He also inherited Ferncliff, the Astor family's 2800 acre estate in Rhinebeck, New York, where his father had been born. However, Vincent Astor would be the last family member to own the estate as well as the final Astor to occupy the "Ferncliff Casino", a Stanford White-designed 1904 Beaux-Arts style 40000 sqft building, which was inspired by the Grand Trianon at Versailles.

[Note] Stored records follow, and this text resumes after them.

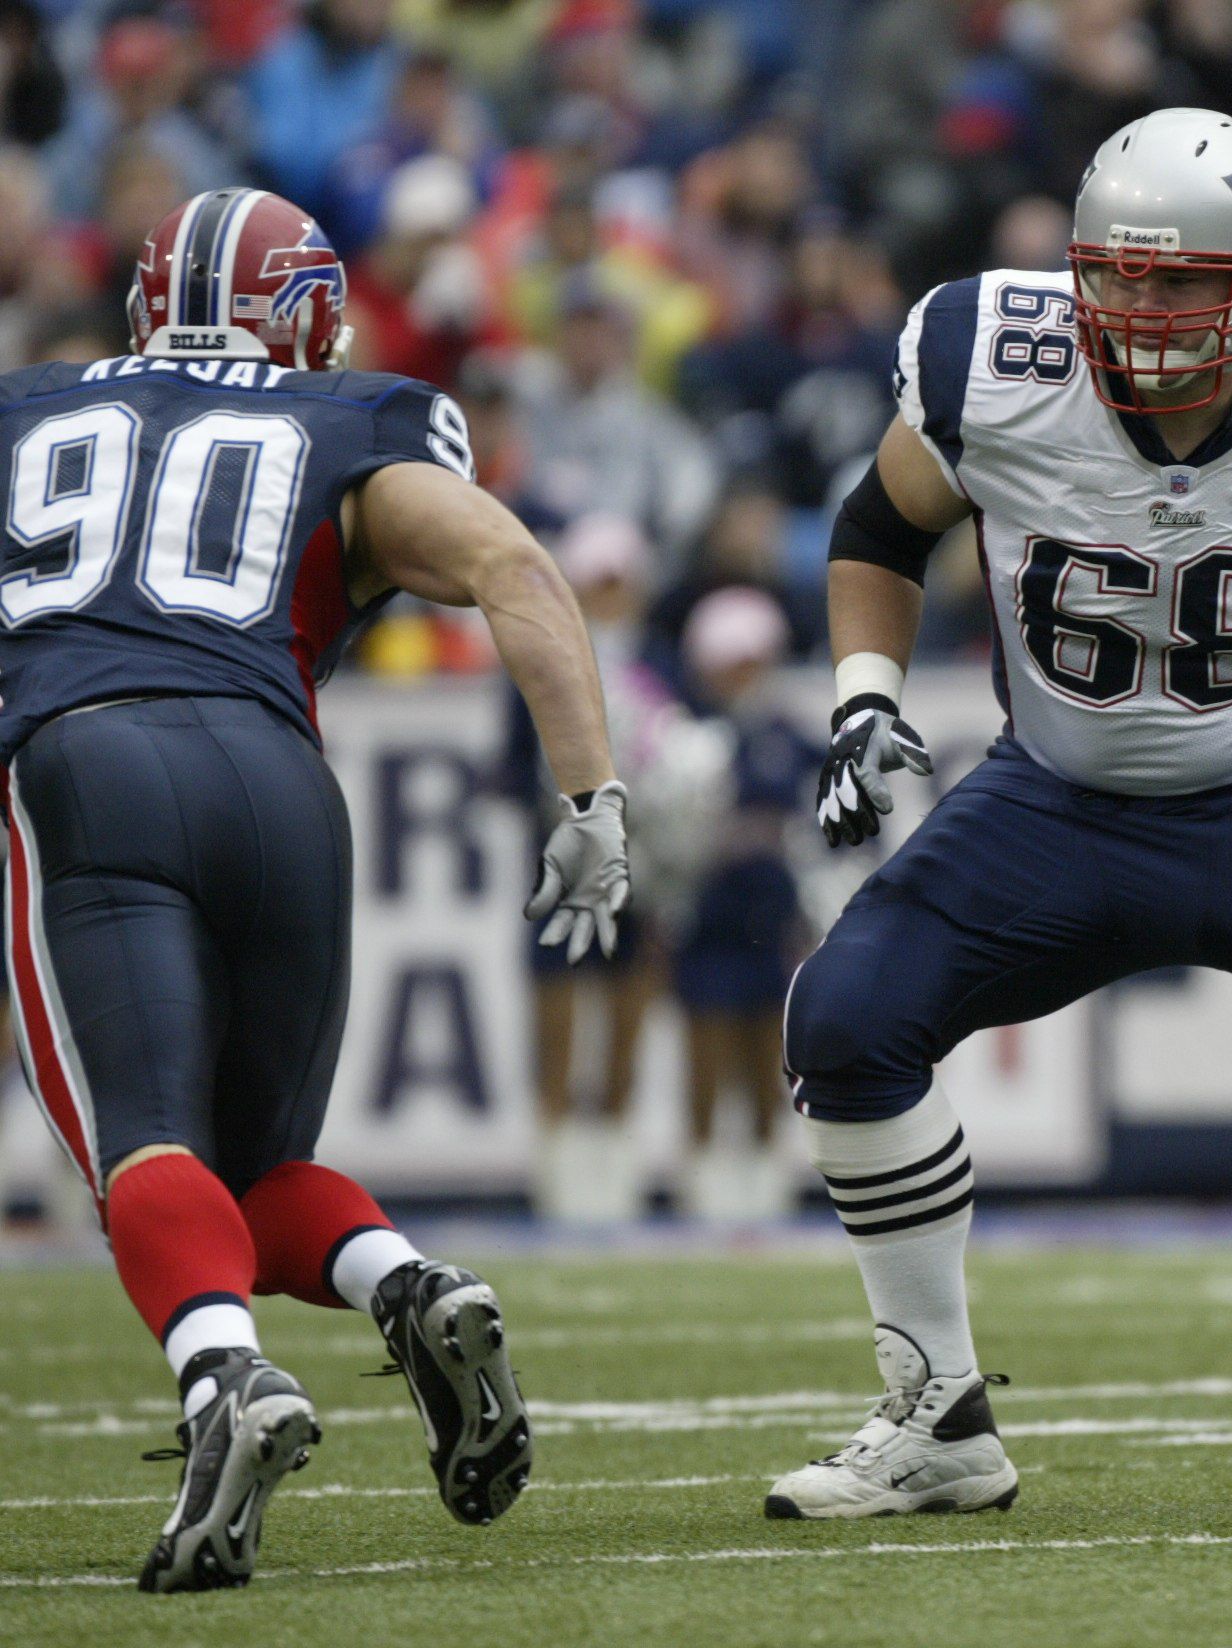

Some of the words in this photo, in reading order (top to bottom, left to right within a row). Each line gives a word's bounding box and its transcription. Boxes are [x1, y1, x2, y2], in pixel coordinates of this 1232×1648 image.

[1124, 230, 1161, 245] Riddell
[168, 333, 227, 350] BILLS
[988, 280, 1079, 386] 68
[0, 400, 312, 630] 90
[1149, 505, 1207, 529] Patriots
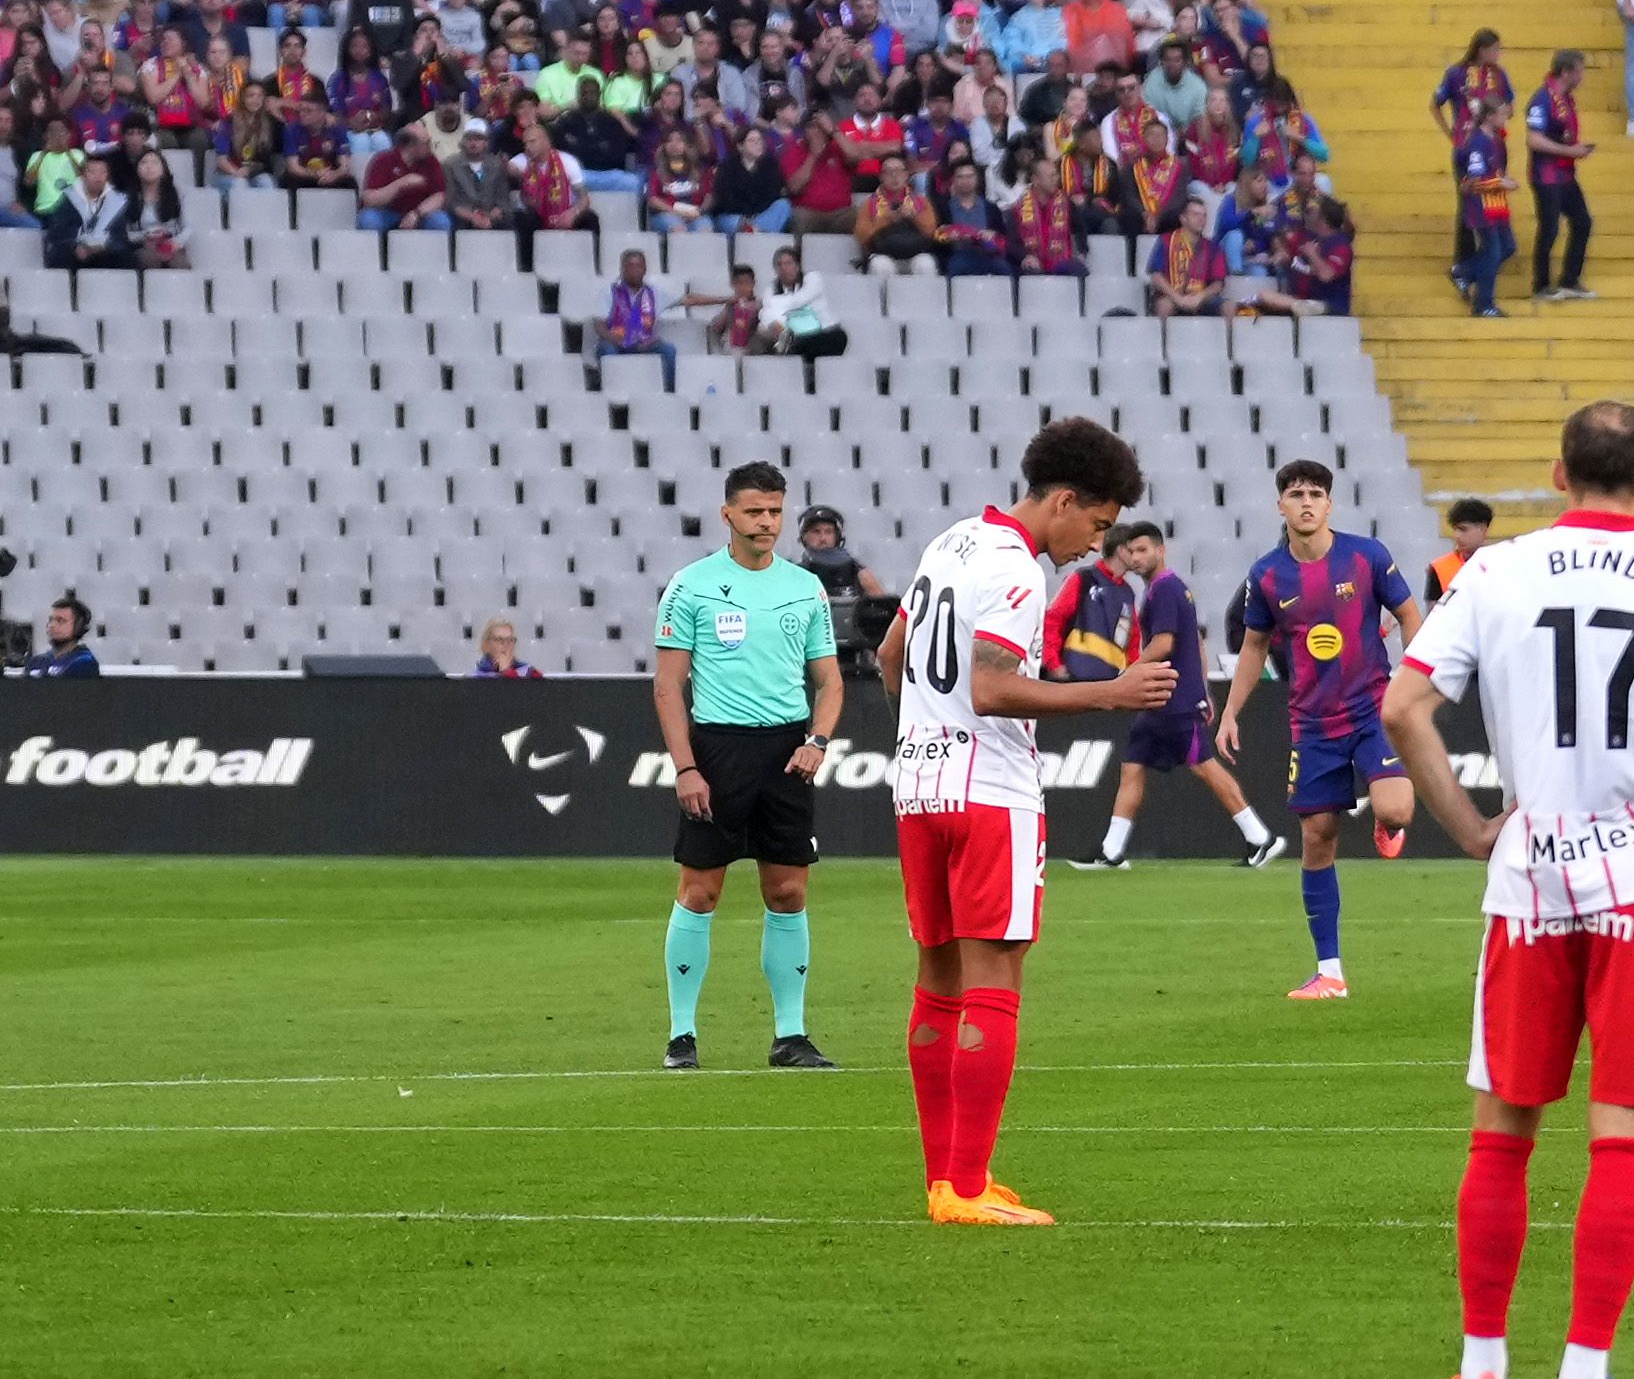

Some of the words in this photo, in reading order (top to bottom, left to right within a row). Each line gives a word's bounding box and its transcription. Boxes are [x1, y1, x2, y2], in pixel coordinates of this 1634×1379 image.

[718, 614, 742, 624] FIFA
[902, 574, 957, 694] 20
[5, 735, 315, 786] football
[1288, 750, 1299, 783] 5
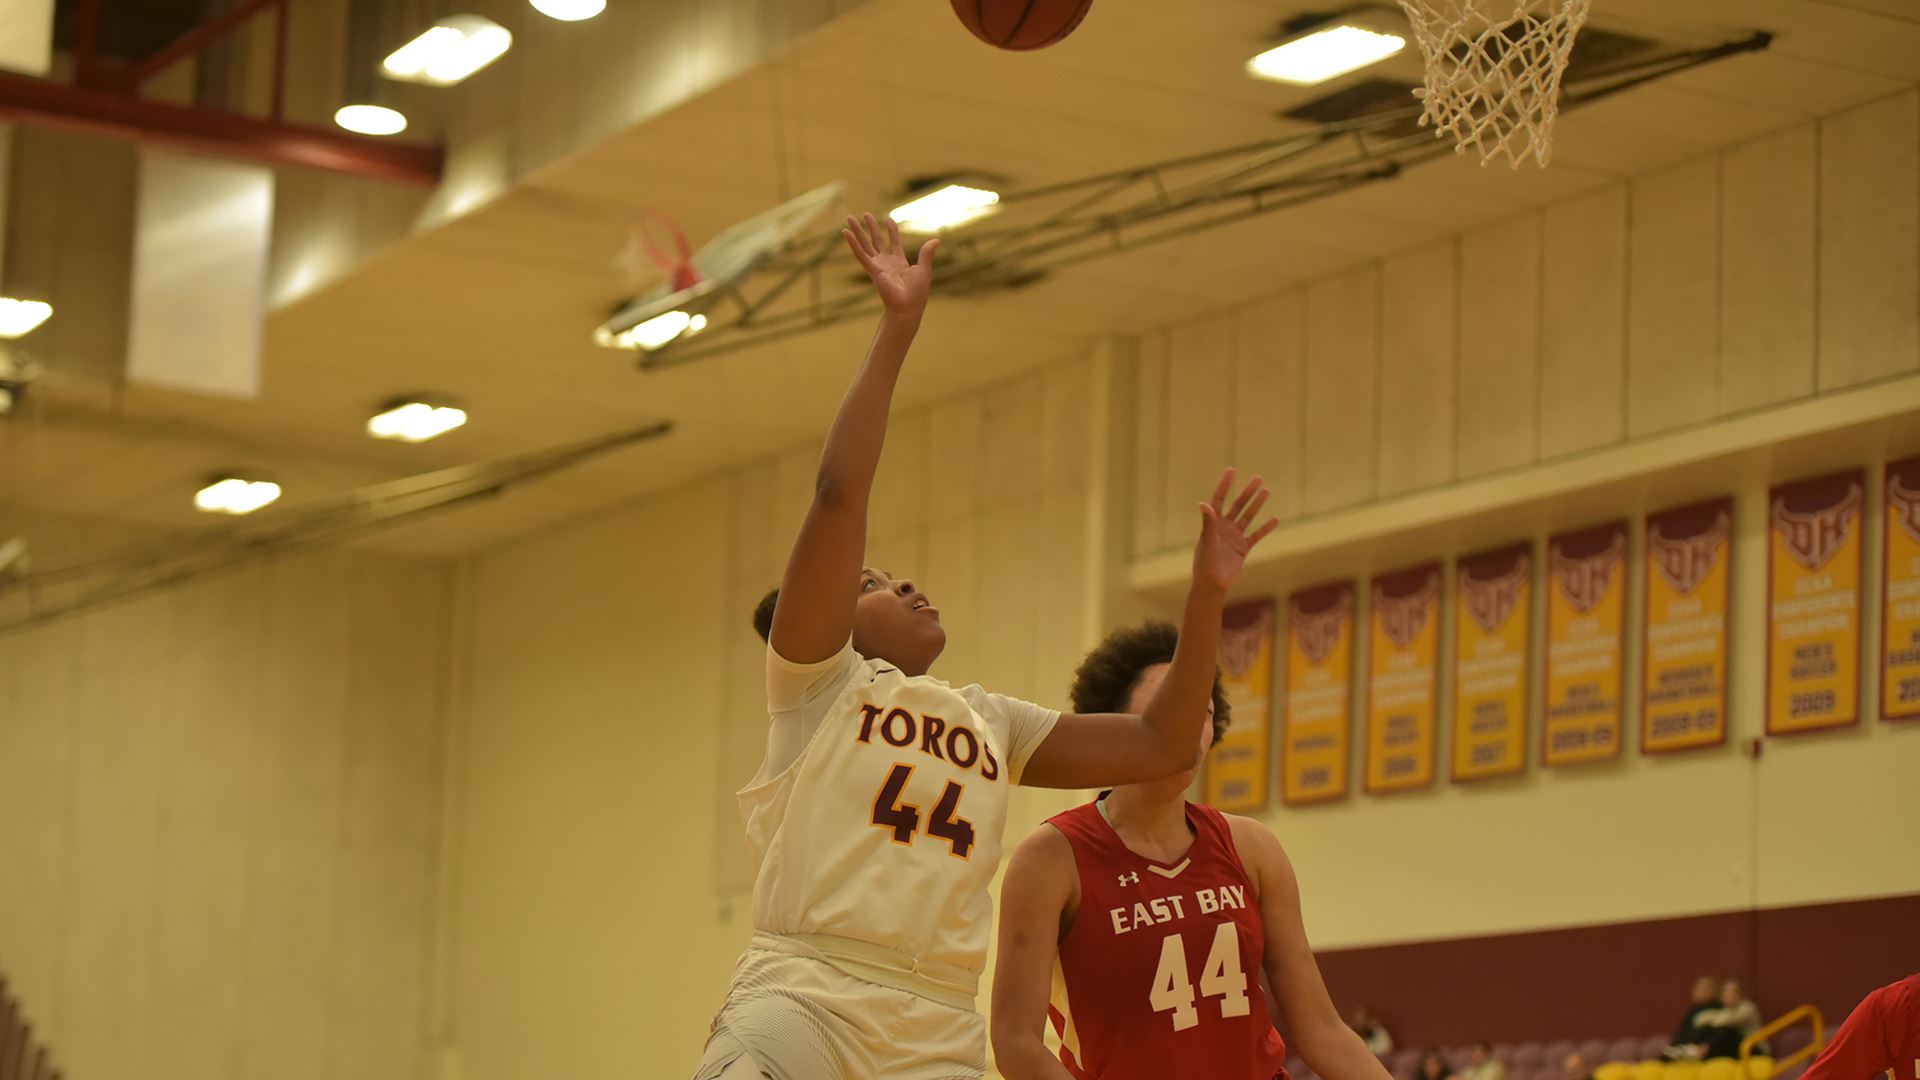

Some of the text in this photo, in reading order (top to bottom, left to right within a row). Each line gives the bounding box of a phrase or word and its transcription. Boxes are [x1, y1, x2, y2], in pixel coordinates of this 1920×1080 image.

On his death in 1959, Astor bequeathed the main house at Ferncliff to the Benedictine Hospital in Kingston, New York. His widow, Brooke, later donated the "Ferncliff Casino" to the Catholic Archdiocese of New York and sold off many parcels of the estate. In 1963, Homer Staley, a retired businessman in the area, asked Brooke Astor to preserve the remaining natural acreage of woodlands from development. She donated the woodlands to the Rotary Club of Rhinebeck, and the land became the Ferncliff Forest Game Refuge and Forest Preserve.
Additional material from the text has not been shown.